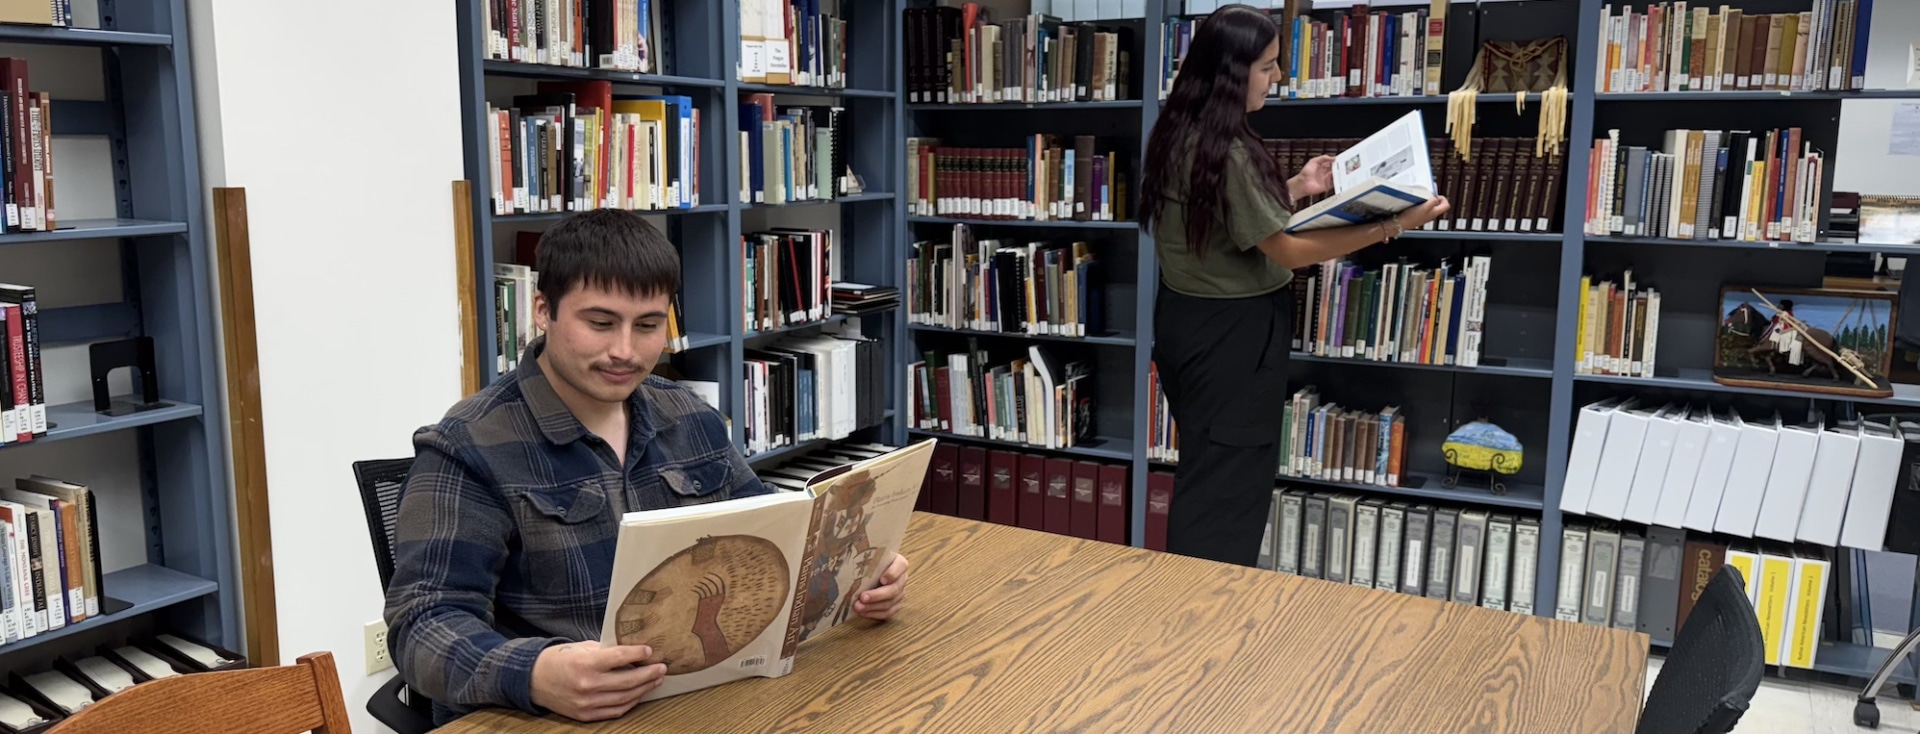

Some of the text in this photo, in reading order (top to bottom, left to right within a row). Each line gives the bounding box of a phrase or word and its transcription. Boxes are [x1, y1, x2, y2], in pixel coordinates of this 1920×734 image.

[32, 111, 40, 122] THE
[12, 335, 24, 371] TRUSTEESHIP
[16, 371, 24, 382] IN
[20, 552, 28, 581] MONTANA
[34, 571, 43, 597] INDIAN
[1805, 580, 1813, 597] Volume
[785, 556, 814, 646] Plains Indian Art
[1766, 595, 1774, 621] Newsletters
[1801, 599, 1811, 624] Newsletters
[1799, 625, 1807, 646] American
[1797, 647, 1805, 661] Native

▬▬▬▬▬▬

*INSTRUCTIONS TO FOLLOW*
Give back the records exactly, minus any pictures.

*ANSWER SPACE*
Some of the text in this photo, in reading order (top to bottom, left to right within a row). Each line gives the bounding box of a phrase or word and its transcription. Boxes are [x1, y1, x2, y2], in pixel coordinates of this 1920×734 image.

[32, 111, 40, 122] THE
[12, 335, 24, 371] TRUSTEESHIP
[16, 371, 24, 382] IN
[20, 552, 28, 581] MONTANA
[34, 571, 43, 597] INDIAN
[1805, 580, 1813, 597] Volume
[785, 556, 814, 646] Plains Indian Art
[1766, 595, 1774, 621] Newsletters
[1801, 599, 1811, 624] Newsletters
[1799, 625, 1807, 646] American
[1797, 647, 1805, 661] Native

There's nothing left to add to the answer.